14.3.1 Privilegiert

§ 20 Abs. 2 WEG regelt die privilegierten Gestattungsmaßnahmen. Nach Satz 1 kann jeder Wohnungseigentümer angemessene bauliche Veränderungen verlangen, die

  1. dem Gebrauch durch Menschen mit Behinderungen,
  2. dem Laden elektrisch betriebener Fahrzeuge,
  3. dem Einbruchschutz und
  4. dem Anschluss an ein Telekommunikationsnetz mit sehr hoher Kapazität

dienen. Satz 2 verleiht den beschließenden Wohnungseigentümern eine Ermessensentscheidung bezüglich der Durchführung der Maßnahme. Ist den Wohnungseigentümern bezüglich des "Ob" der Maßnahme regelmäßig kein Ermessen eingeräumt, so ist dies bei der Entscheidung über das "Wie" anders. Den Wohnungseigentümern ist hier insbesondere eine Entscheidung darüber möglich, ob die Baumaßnahme durch den Wohnungseigentümer selbst durchgeführt wird oder aber auf dessen Kosten durch die Gemeinschaft der Wohnungseigentümer. Des Weiteren entscheiden die beschlussfassenden Wohnungseigentümer über die Details der Maßnahme, also in welchem Bereich sie zur Durchführung kommt und welche Materialien zur Verwendung kommen.

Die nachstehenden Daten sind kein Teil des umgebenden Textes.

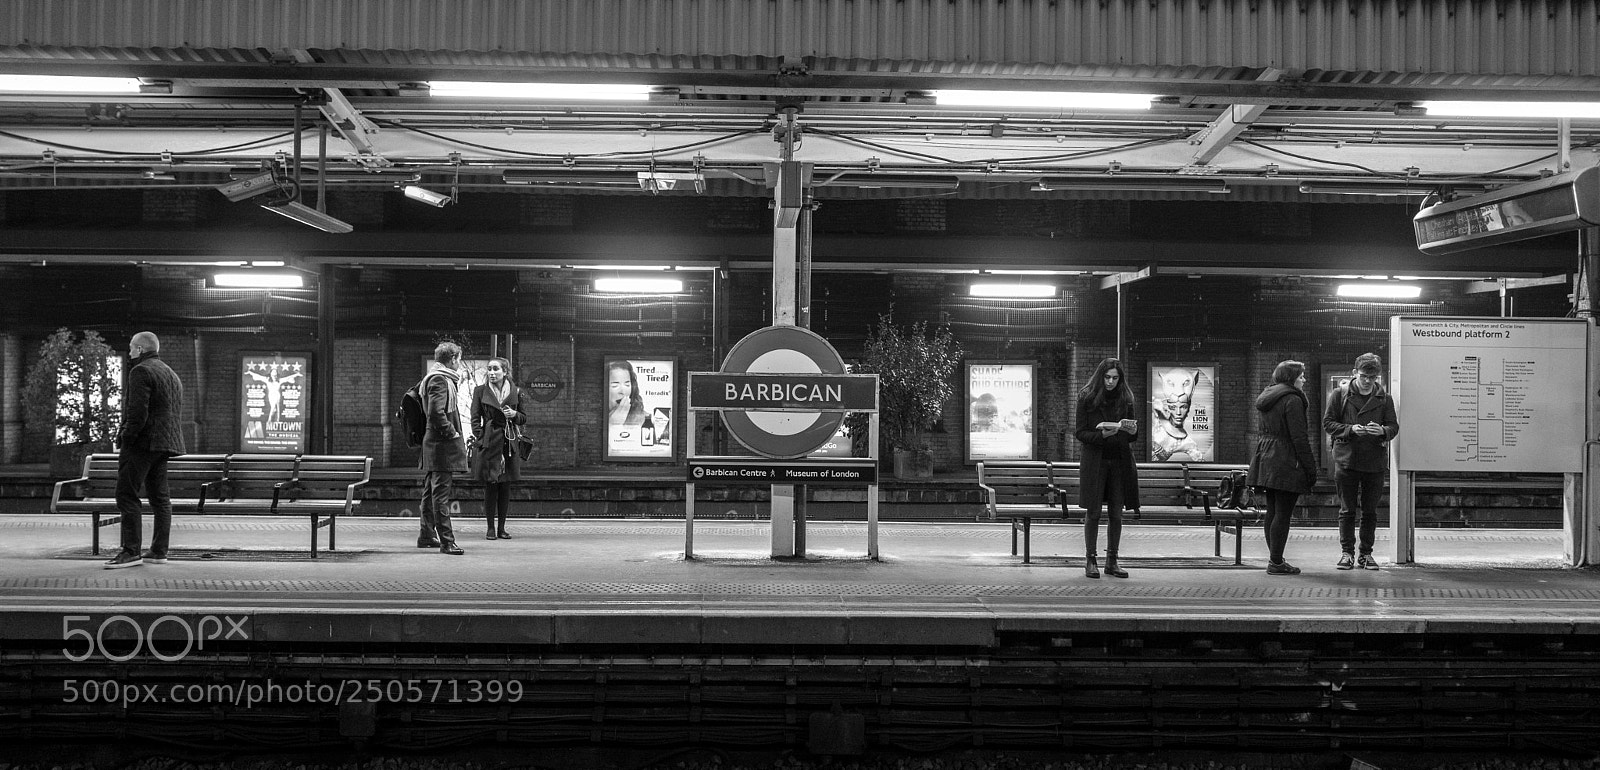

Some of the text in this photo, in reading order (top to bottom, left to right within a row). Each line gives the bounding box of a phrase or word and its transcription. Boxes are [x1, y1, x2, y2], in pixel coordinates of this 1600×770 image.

[1412, 329, 1461, 337] Westbound
[1465, 330, 1503, 339] platform
[725, 383, 842, 402] BARBICAN
[266, 421, 301, 430] MOTOWN
[831, 470, 860, 478] London
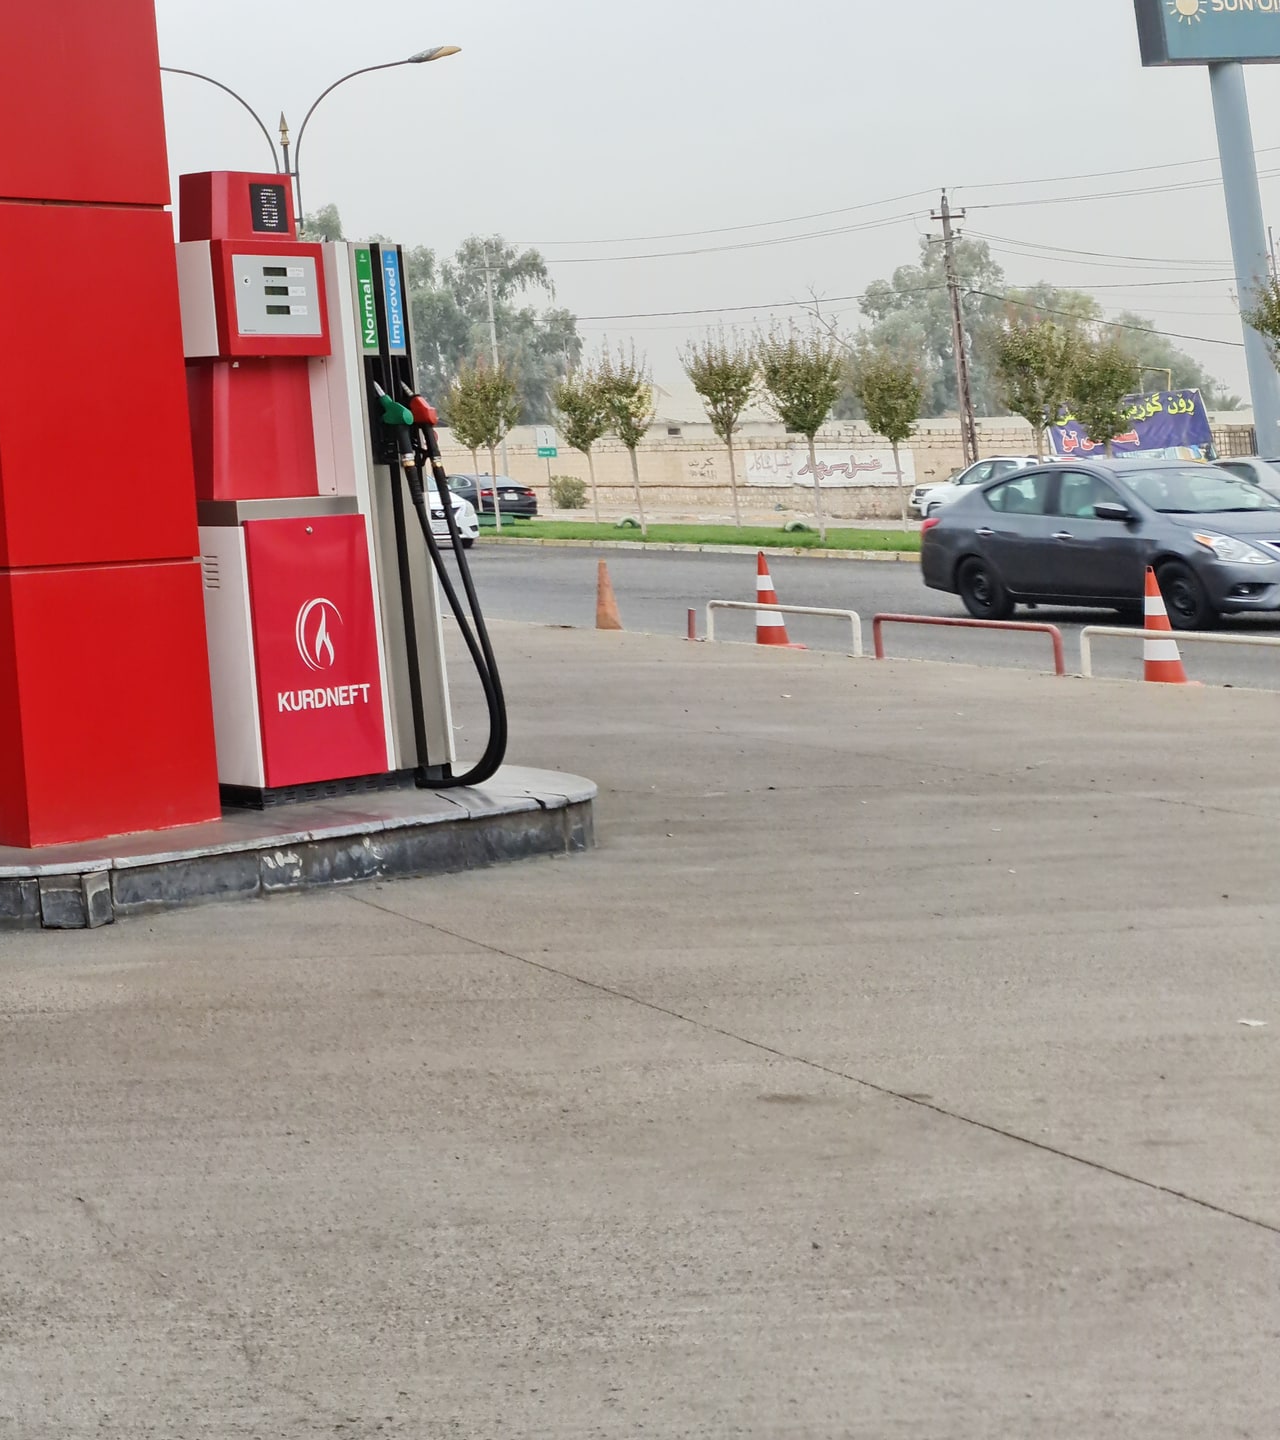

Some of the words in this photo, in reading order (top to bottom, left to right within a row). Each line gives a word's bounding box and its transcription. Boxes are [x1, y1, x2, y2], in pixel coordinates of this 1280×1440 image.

[359, 278, 376, 345] Normal
[385, 267, 401, 344] Improved
[277, 683, 371, 713] KURDNEFT
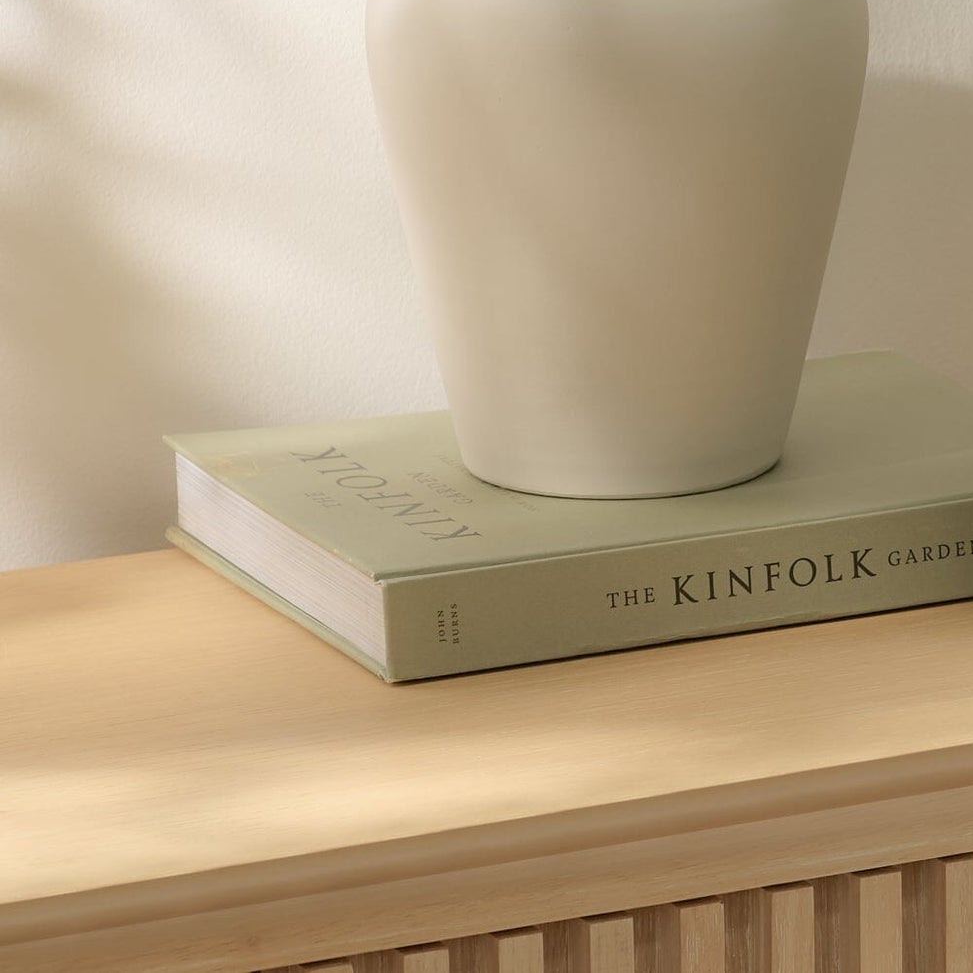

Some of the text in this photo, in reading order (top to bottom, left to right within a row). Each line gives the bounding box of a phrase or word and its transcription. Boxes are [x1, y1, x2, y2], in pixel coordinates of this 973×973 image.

[289, 446, 483, 541] KINFOLK
[606, 587, 656, 609] THE
[671, 548, 877, 606] KINFOLK
[437, 610, 448, 643] JOHN
[450, 603, 460, 644] BURNS
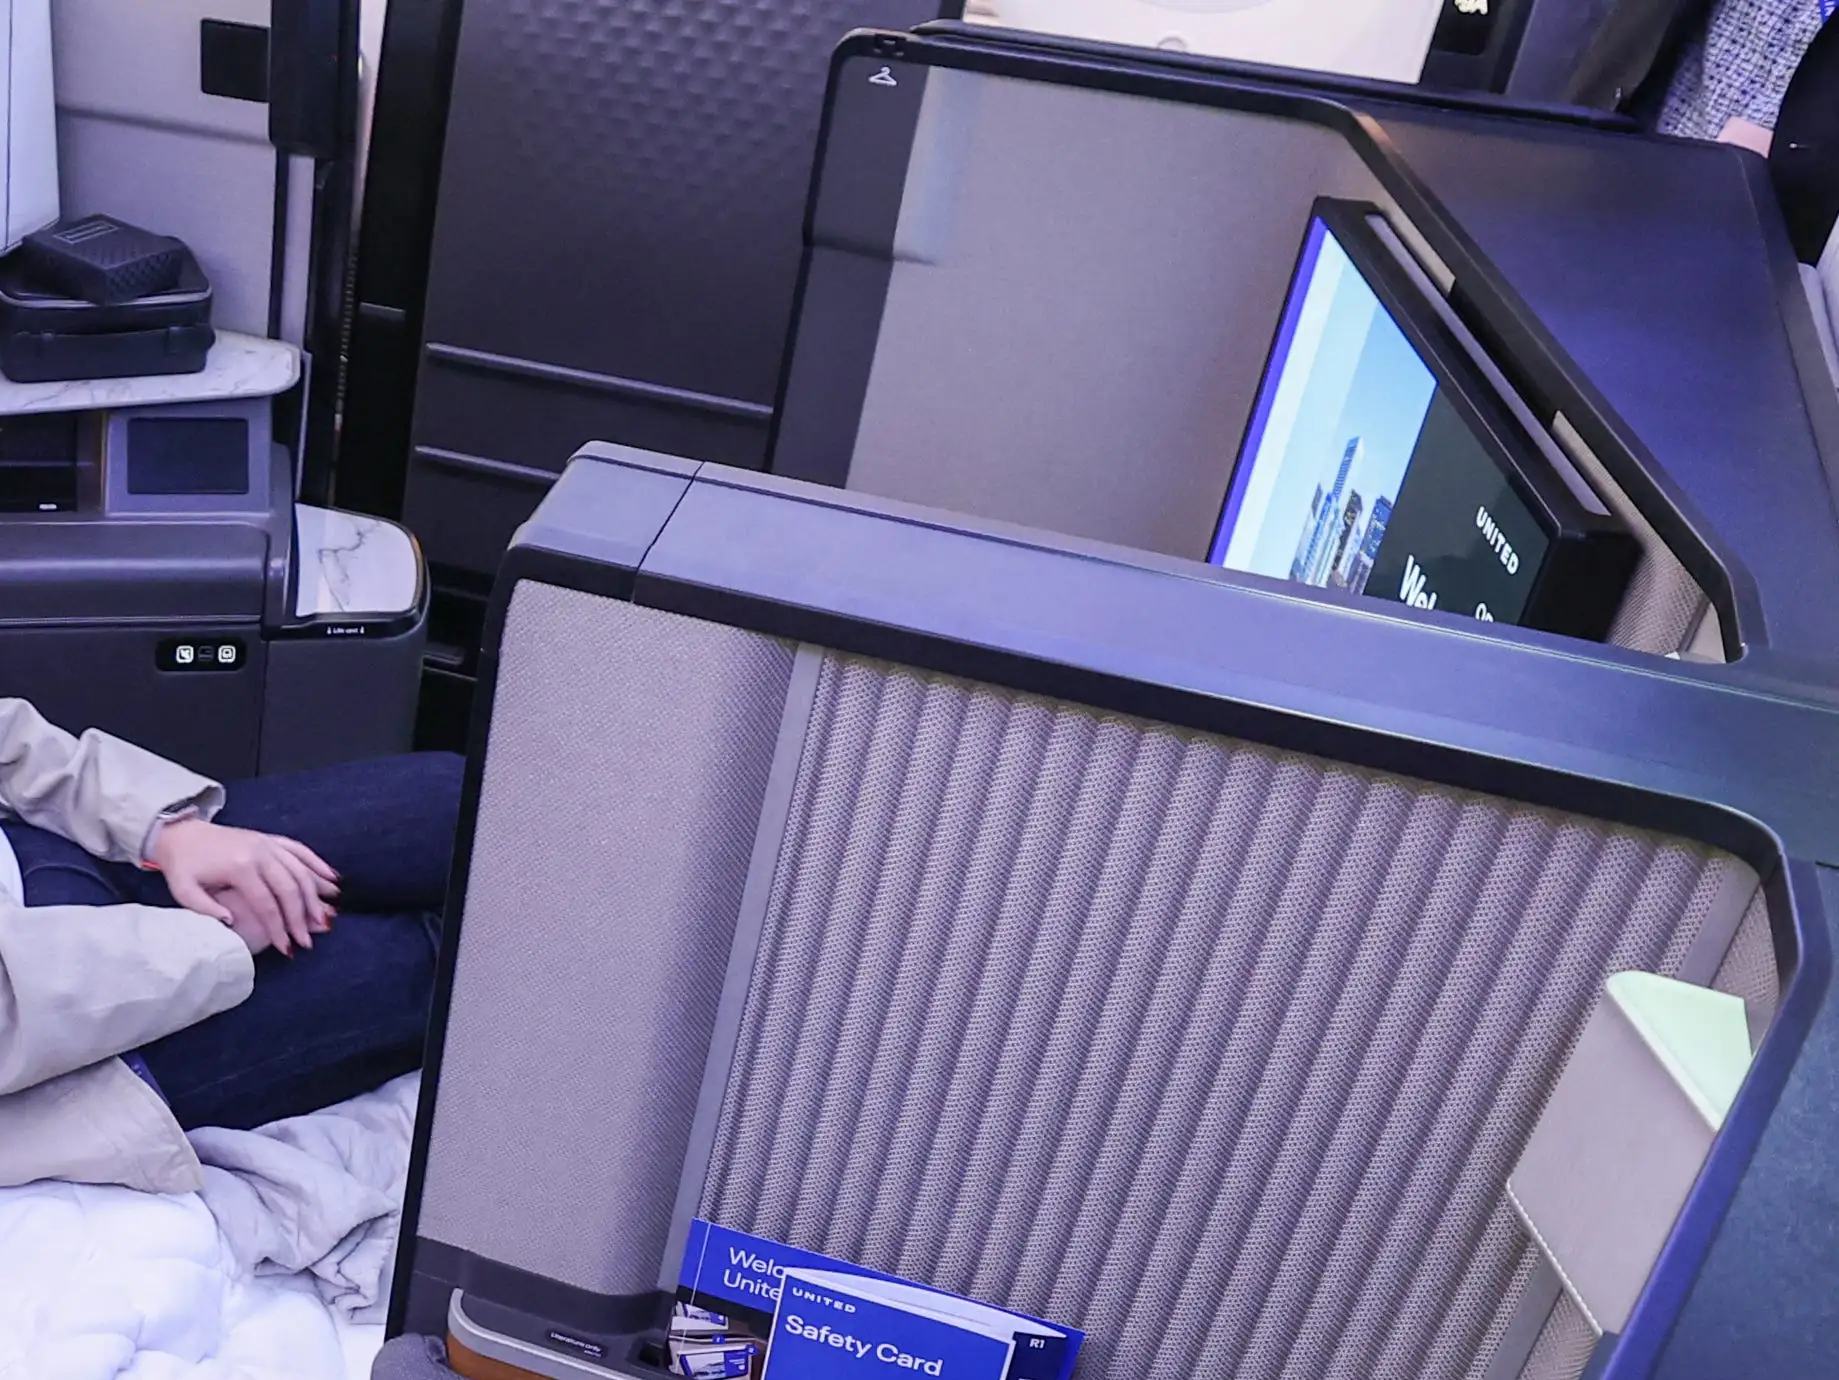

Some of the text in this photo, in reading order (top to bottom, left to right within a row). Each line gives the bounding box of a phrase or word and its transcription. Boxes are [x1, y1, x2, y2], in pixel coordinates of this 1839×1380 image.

Aus diesem Grund empfiehlt sich nach diesseitiger Auffassung ein einheitliches Beschlussverfahren, das zur Vermeidung einer weiteren Eigentümerversammlung sowohl das "Ob", als auch das "Wie" der Maßnahme in einem Beschluss regelt. Würde zunächst lediglich das "Ob" der Maßnahme zur Beschlussfassung gestellt und der entsprechende Beschlussantrag mehrheitlich abgelehnt werden, stünde dem betreffenden Wohnungseigentümer die Beschlussersetzungsklage nach § 44 Abs. 1 Satz 2 WEG zur Verfügung. In diesem Fall prüft das Gericht lediglich, ob das Begehren des Wohnungseigentümers angemessen ist – und dies wird in aller Regel der Fall sein, womit die Klage in aller Regel erfolgreich sein wird. Bezüglich des "Wie" der Maßnahme müsste dann noch eine weitere Vorbefassung der Wohnungseigentümer erfolgen, bevor der Wohnungseigentümer – bei abgelehntem Beschlussantrag – dann auch insoweit das Gericht bemühen könnte. Wird aber das "Wie" bereits im Gestattungsbeschluss geregelt, waren die Wohnungseigentümer entsprechend vorbefasst und das Gericht kann im Rahmen der Beschlussersetzungsklage das den Wohnungseigentümern bezüglich des "Wie" eingeräumte weite Ermessen ausüben.

 

Musterbeschluss: Bauliche Veränderung: Einzelgestattung einer privilegierten Maßnahme, Durchführung durch die Gemeinschaft

TOP XX Errichtung einer Rollstuhlrampe im Bereich des Eingangspodests

Auf Wunsch der Wohnungseigentümerin, Frau ______, wird die Errichtung einer Rollstuhlrampe im linken Bereich des Eingangspodests der Wohnanlage durchgeführt werden. Ausführung und Maße sind der Planskizze des Bauunternehmens ______ vom ______ zu entnehmen, die den Wohnungseigentümern mit dem Ladungsschreiben übersandt wurde und als Bestandteil dieses Beschlusses zur Beschluss-Sammlung zu nehmen ist. Der Verwalter hat im Vorfeld 3 Vergleichsangebote geeigneter Fachunternehmen eingeholt. Nach Abstimmung mit dem Verwaltungsbeirat und im Einvernehmen mit Frau ______ wird die Firma ______ namens und im Auftrag der Gemeinschaft der Wohnungseigentümer mit der Errichtung der Rollstuhlrampe beauftragt. Die Wohnungseigentümer wurden auf die Bestimmung des § 9a Abs. 4 WEG und die Gefahr ihrer unmittelbaren Teilhaftung hingewiesen. Die Baumaßnahme kommt im Zeitraum ______ bis ______ zur Durchführung.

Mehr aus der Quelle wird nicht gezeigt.